The current issue of BYU Magazine, organ of the Alumni Association and tireless fundraising vehicle, is in mailboxes now–or, if your dining room table looks like mine, buried under gleaming drifts of your husband’s voluminous correspondence with the American Medical Association. In all honesty, I’m not generally a cover-to-cover reader of this publication: I’ll scan through Richard Cracroft’s regular “Book Nook” feature, read the “After All” micro-essay at the back thinking “I could have written that!”, and pore over those strangely absorbing “Alumni Updates” (Jonathan J. Toronto, (BS ’95, JD University of Iowa ’99; Allison Walker [BS ’94]; Andover, Minn.) has been elected a principal of the law firm Gray Plant Mooty. Really? Wonder how many kids they have? And, more importantly, who came up with the punctuation template for these little blurbs?). That’s about it, usually. This most recent issue, though, features a long photo essay, “24 Hours at BYU,” that conveys, by means of some 183 color photographs, the surfaces and substances of these 600 acres. I read it start to finish.

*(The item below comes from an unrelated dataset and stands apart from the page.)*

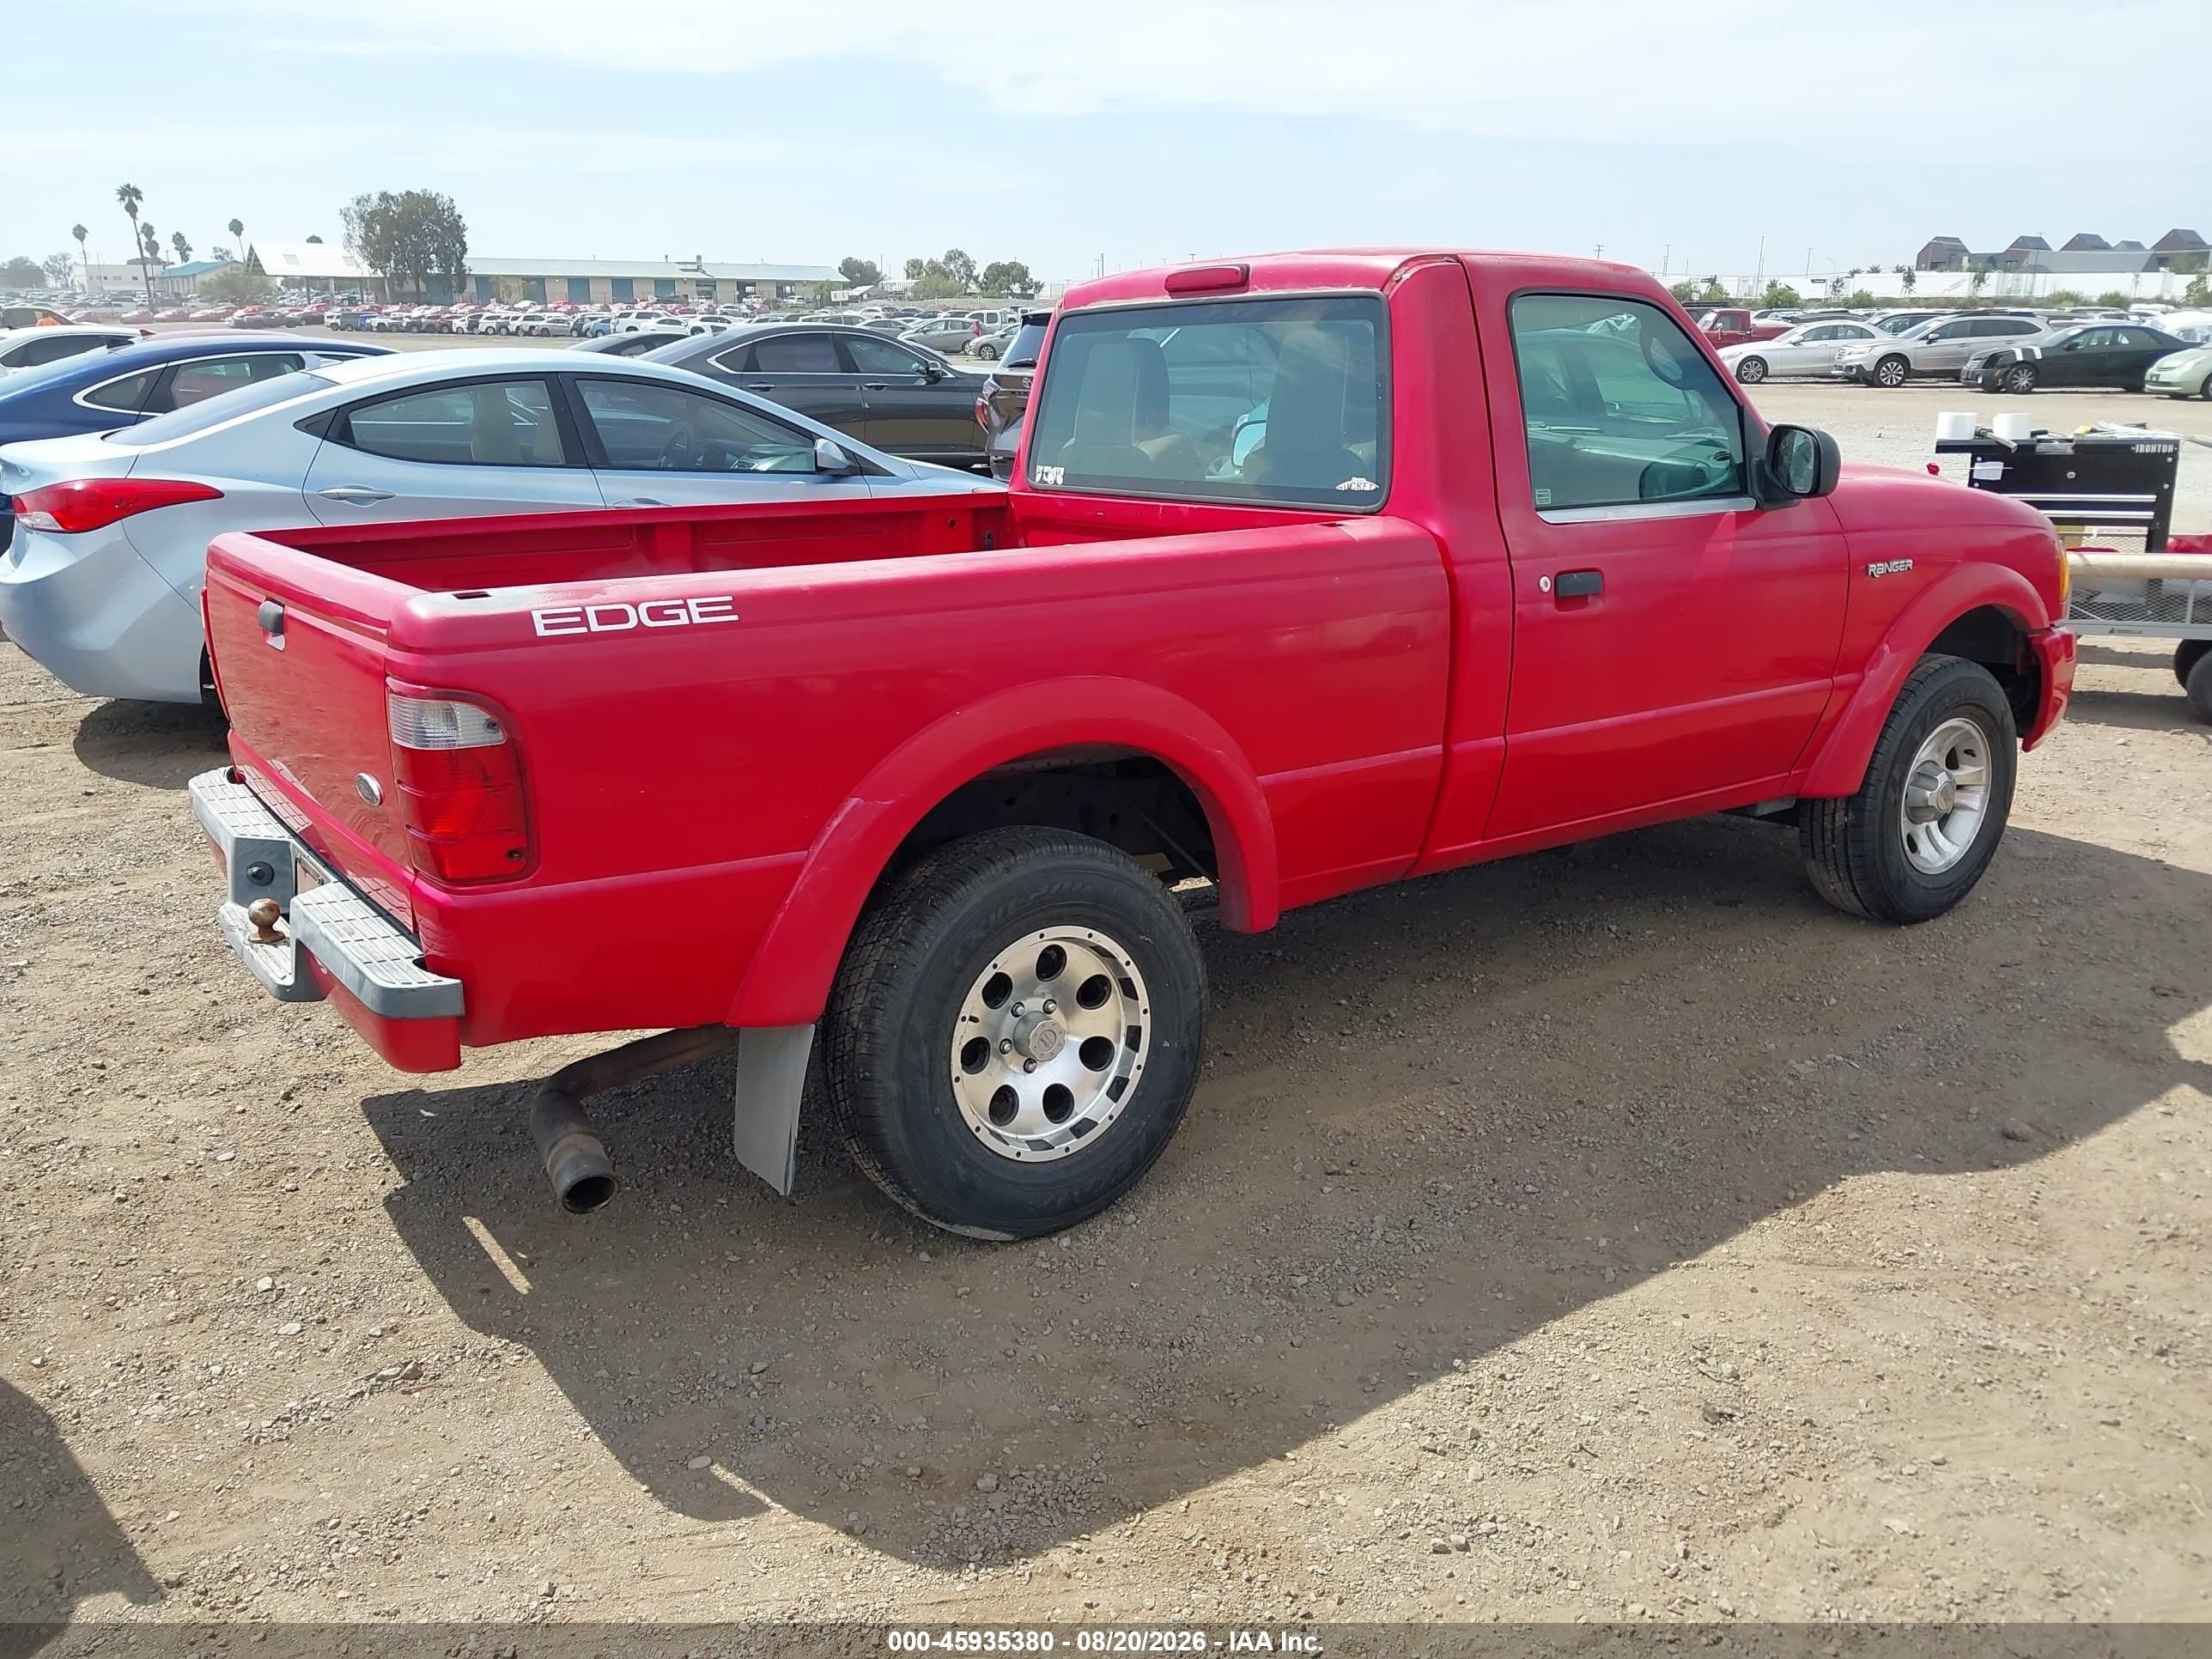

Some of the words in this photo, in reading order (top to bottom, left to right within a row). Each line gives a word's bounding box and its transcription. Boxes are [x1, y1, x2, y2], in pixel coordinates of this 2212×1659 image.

I’ve often thought that still color photography, as a representational medium, is uniquely suited to take on the vast institutional subject of BYU. Still photography attends to surfaces and images, and BYU, with its groomed students and manicured grounds, obligingly supplies both in abundance. Both BYU and the still photographer realize that attention to image need not be shallow, aesthetically or spiritually—at its best, a photograph uses contour and surface to figure forth a felt truth, and, at its best, BYU does the same—but both are susceptible to the ease of superfice and mere prettiness. Still photography, particularly in its documentary and photojournalist forms, is a crucial means of producing, revising and disseminating the collective memory—from Iwo Jima and Iraq—that suffuses history book, public space and official discourse; BYU functions in much the same way for the church, as the principal site at which official history and culture of church and state is packaged and distributed, by means of CES and correlation, through our collective memory. And still photography is most engaging from the very close or the very long views; in the middle distance, nearly any photographic subject will look snapshotty and banal. BYU, in my experience, is the same: genuinely stirring, as a high-minded experiment in faithful reason and clean life, from the long view, and from the close view, as a thousand daily interactions between student and teacher, spirit and logos, authentically uplifting—but, from the middle distance of administrative bureaucracy and academic turf wars, occasionally petty and bromidic.

The lavish color spread, then, is in many ways just right. The physical facilities in these pages are, alas, perhaps less photogenic in their homely orange brick than they have ever been, despite the glittering fields of glass and blond wood in the new Joseph F. Smith building. The BYU students themselves are, as ever, a motley bunch as well. But there are some great photos here. A butcher stands above an expanse of bloody chuck roast ready to be wrapped and delivered to the Creamery. Hordes of students crowd a tight campus intersection–but nobody cuts across the grass–between classes, faces a catalog of human sociality. The snowy concrete fins of the “Tree of Wisdom” cast a wing-shaped shadow across the lawn. A coed peers into the glassed fudge case at the Wilkinson candy counter, glacial bergs of chocolage in the foreground. An electrician works beneath the “Y” smokestack, that aging campus mast. Freshmen flirt, cell phones in hand, against the cinder blocks of a Helaman Halls lobby.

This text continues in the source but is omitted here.